O resultado era imprevisível. Víamos em campo dois times brilhantes, com grandes campanhas na competição continental. O Bayern, pressionado pela chance de perder o título do campeonato alemão, jogava todas as suas fichas contra o Real Madrid, que se encontrava pressionado pelo Barcelona na disputa pelo campeonato espanhol. Deu certo: após um jogo intenso, o Bayern conseguiu fazer valer sua superioridade em campo, ainda que pequena, e com um gol de Gomez nos acréscimos impós ao Real a primeira derrota na Champions League dessa temporada.

Para a volta, uma pequena mudança no panorama: Bayern com o título alemão perdido para o Dortmund e Real Madrid com uma mão na taça do espanhol após impor uma dolorida vitória ao Barcelona dentro de seu próprio estádio (com direito a provocação do C. Ronaldo à torcida), badalado e com gás para buscar a 10ª taça. Acompanhei o jogo, e posso dizer que foi um teste pra cardíaco, assim como o jogo de ontem.
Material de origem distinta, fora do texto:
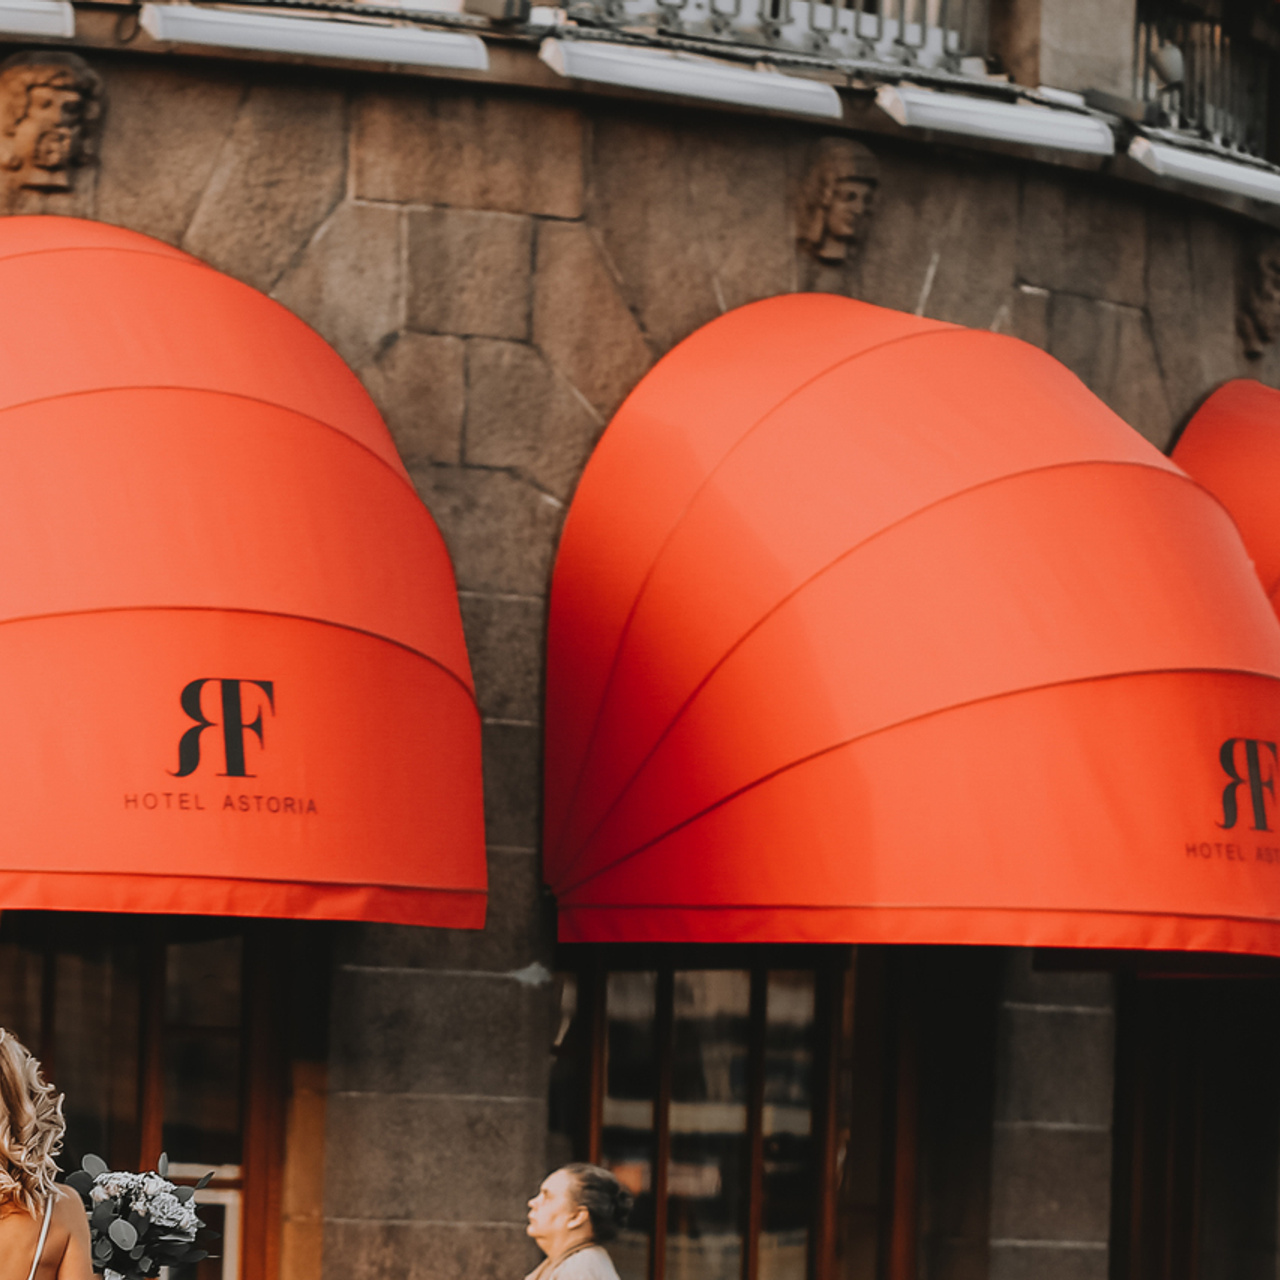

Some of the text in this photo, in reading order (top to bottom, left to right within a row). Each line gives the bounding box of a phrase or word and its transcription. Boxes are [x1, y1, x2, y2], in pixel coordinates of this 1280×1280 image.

[124, 792, 318, 815] HOTEL ASTORIA
[1185, 842, 1245, 862] HOTEL
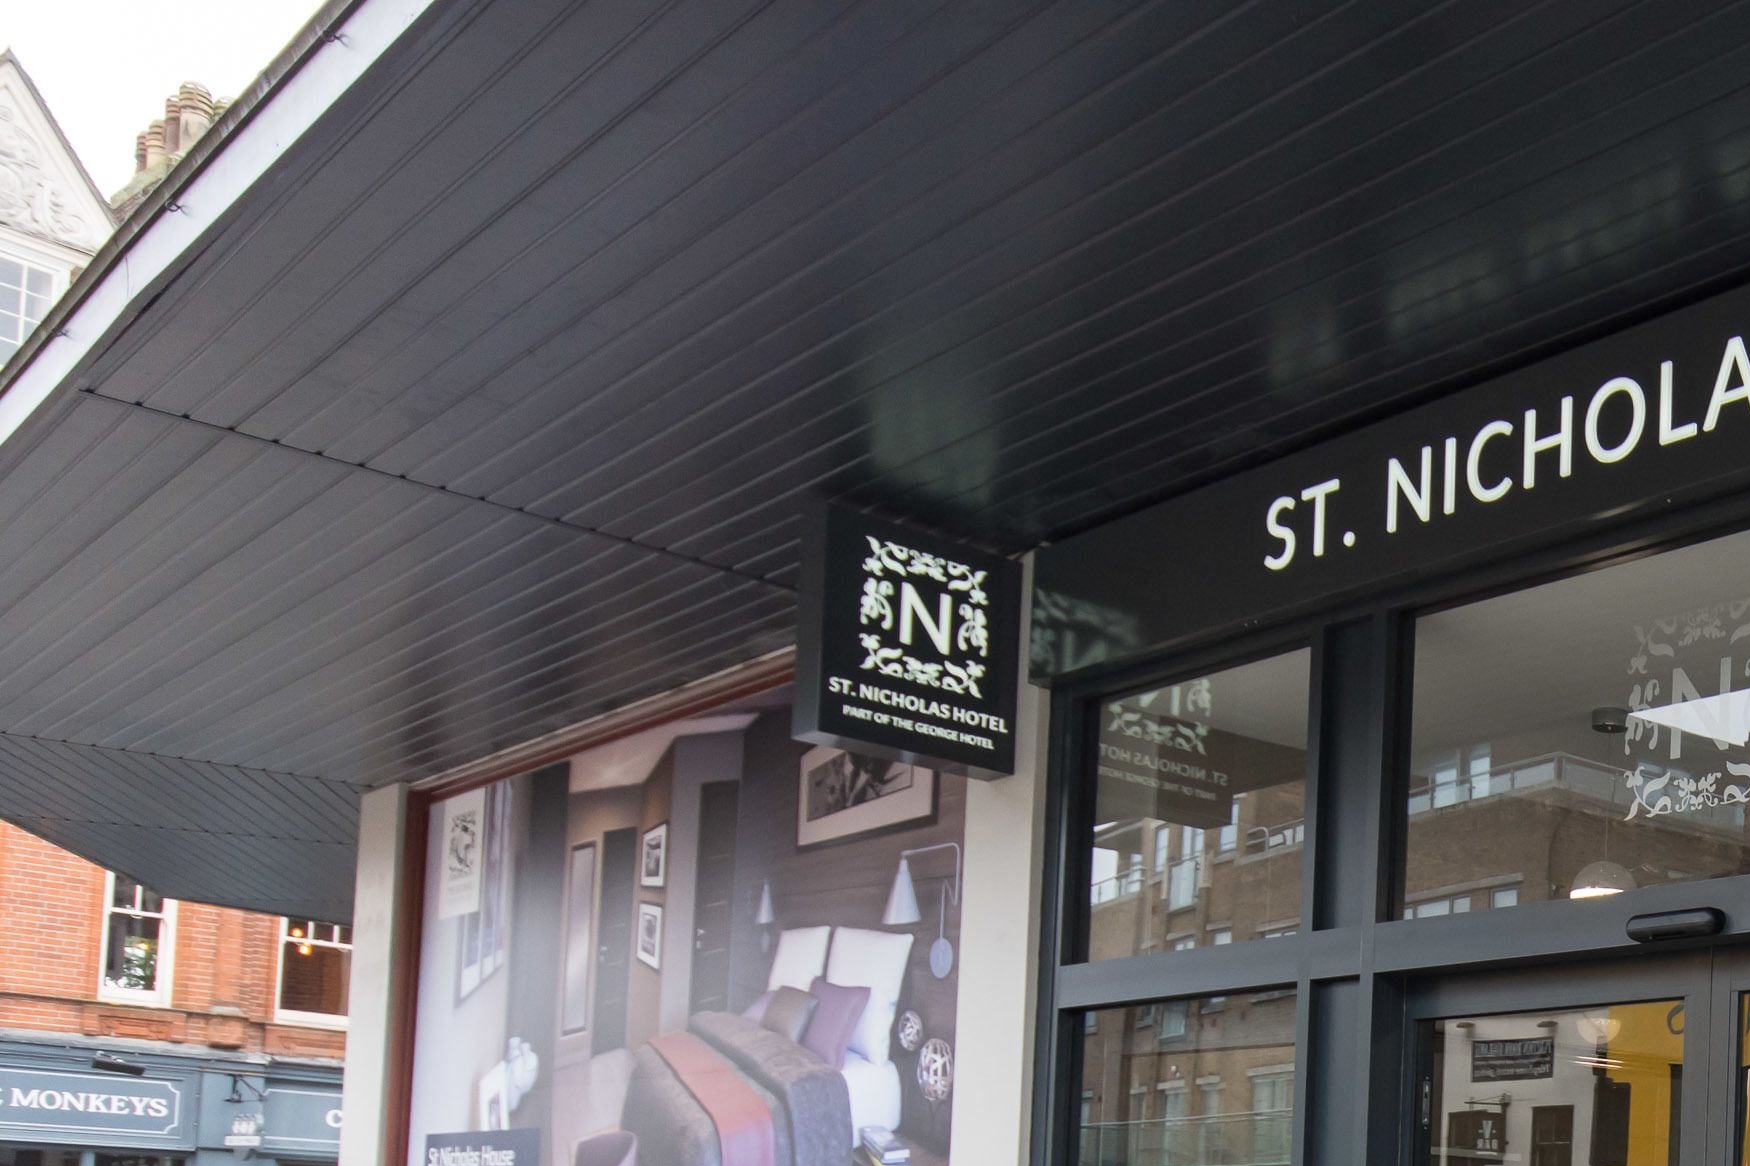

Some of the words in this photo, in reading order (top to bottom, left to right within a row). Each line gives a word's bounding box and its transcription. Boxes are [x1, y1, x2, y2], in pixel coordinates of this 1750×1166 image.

[1263, 477, 1356, 571] ST.
[828, 676, 857, 697] ST.
[859, 684, 951, 719] NICHOLAS
[953, 706, 1009, 734] HOTEL
[842, 704, 873, 722] PART
[874, 712, 891, 725] OF
[892, 716, 914, 732] THE
[915, 720, 958, 741] GEORGE
[959, 733, 994, 750] HOTEL
[10, 1087, 168, 1117] MONKEYS
[480, 1145, 515, 1166] House
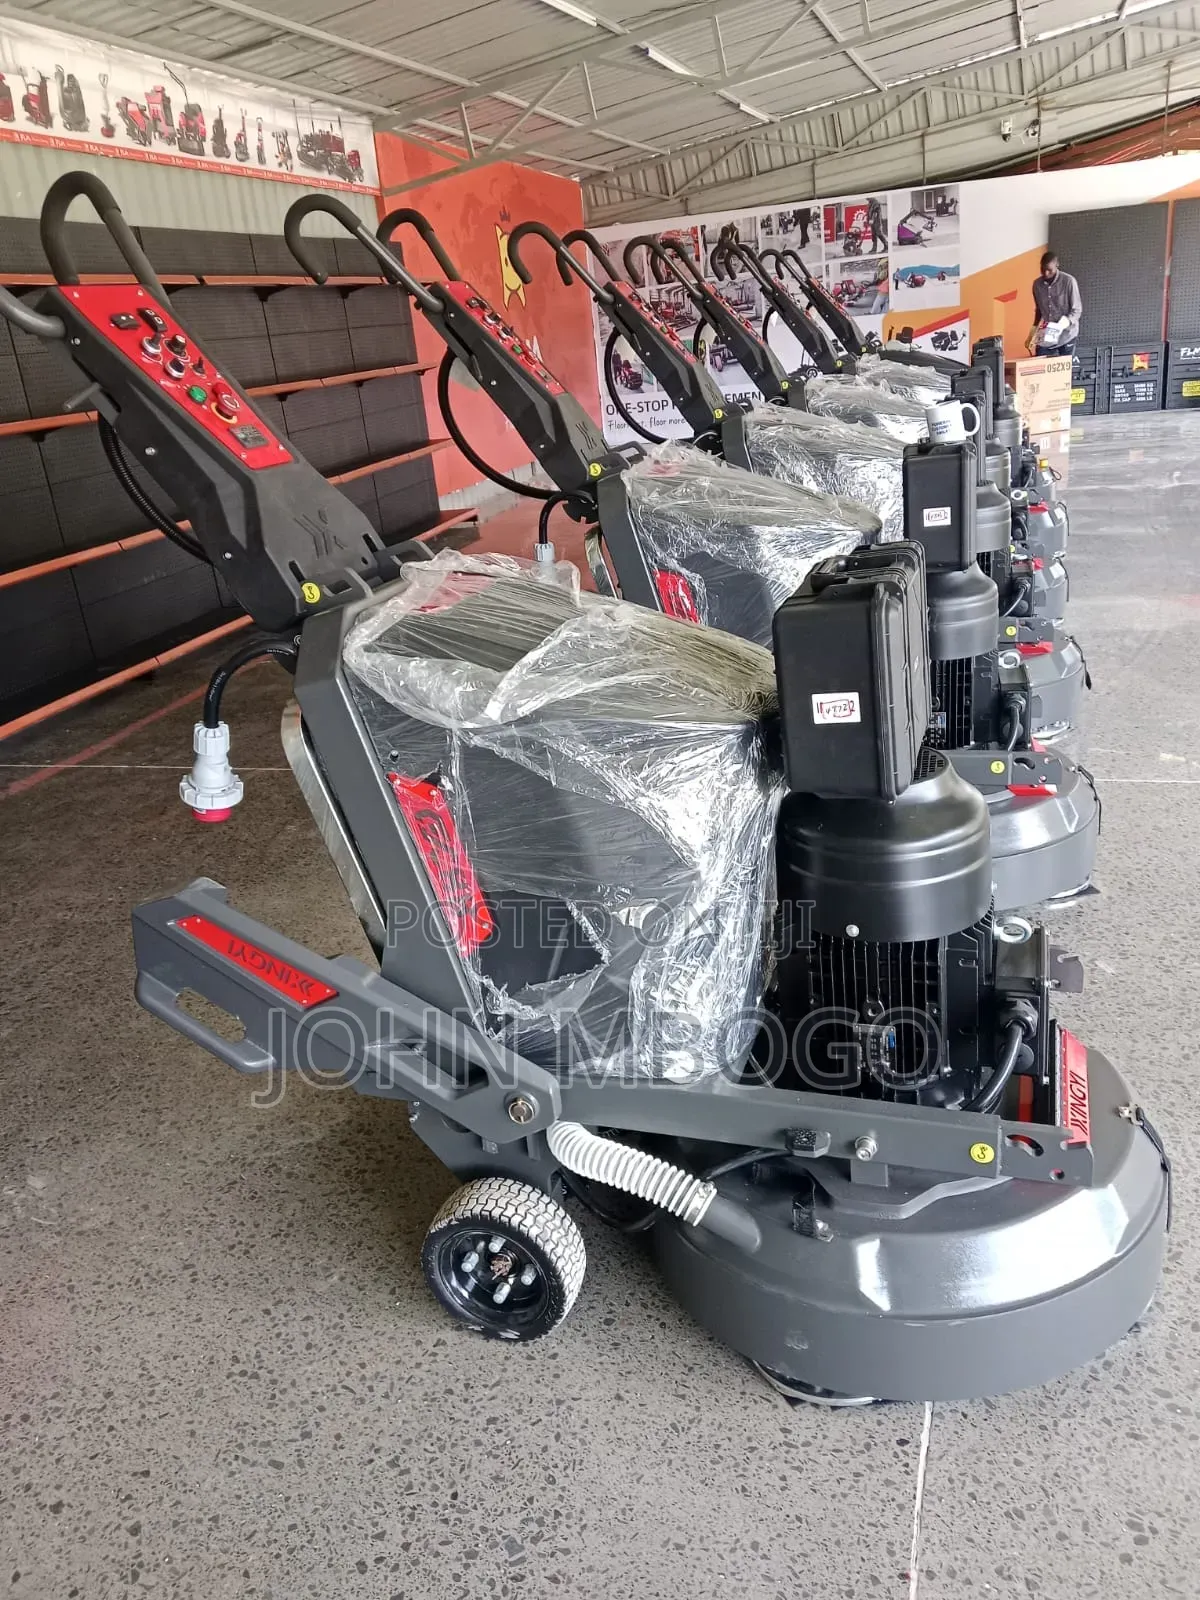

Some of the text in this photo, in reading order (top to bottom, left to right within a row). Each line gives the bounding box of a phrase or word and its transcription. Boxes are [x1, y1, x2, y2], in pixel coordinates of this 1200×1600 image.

Lances incríveis, penalidades máximas para ambos os clubes, bola pra lá e pra cá, gols perdidos e um festival de jogadas incríveis. O jogo foi digno dessa que eu considero uma das melhores fases semifinais da competição nos últimos tempos.

No fim, decisão por pênaltis, Neuer mostrando porque é o goleiro titular da seleção alemã e Sérgio Ramos mandando a bola pro estacionamento do prédio onde eu trabalho. Dá pra dizer que o Real "caiu de pé"? Não sei, mas agora não interessa: Bayern e Chelsea disputarão a Champions League no dia 19 de maio, e nada pode mudar isso agora.

As semifinais dessa edição do torneio me permitem algumas considerações:
1) Ainda não acredito que o Barcelona deixará de ser o melhor time do mundo, pelo menos não por agora. Só dá para falar em final de ciclo daqui a algum tempo. Também acho que essa temporada foi fracassada para os blaugranás, uma vez que ficaram entre os 4 melhores da Europa e disputarão o título da Copa do Rei contra o Bilbao.
2) O Real Madrid se colocou novamente no caminho das vitórias. Será que vai quebrar a hegemonia do Barcelona? Eu sinceramente espero que sim.
3) Um elenco forte pode fazer o que quiser. Os "medalhões" do Chelsea mostraram muita força e garra. Mas até que ponto isso é positivo?
4) PRESTEM ATENÇÃO AO FUTEBOL ALEMÃO! Até quando vai ser desvalorizado?
5) Meu coração é forte. Aguentar esses jogos não foi para qualquer um!

Bom, não me sinto mal pelo post grande, mas parabéns se leu até aqui. Conto com sua contribuição e espero poder comentar muito mais! Até a próxima!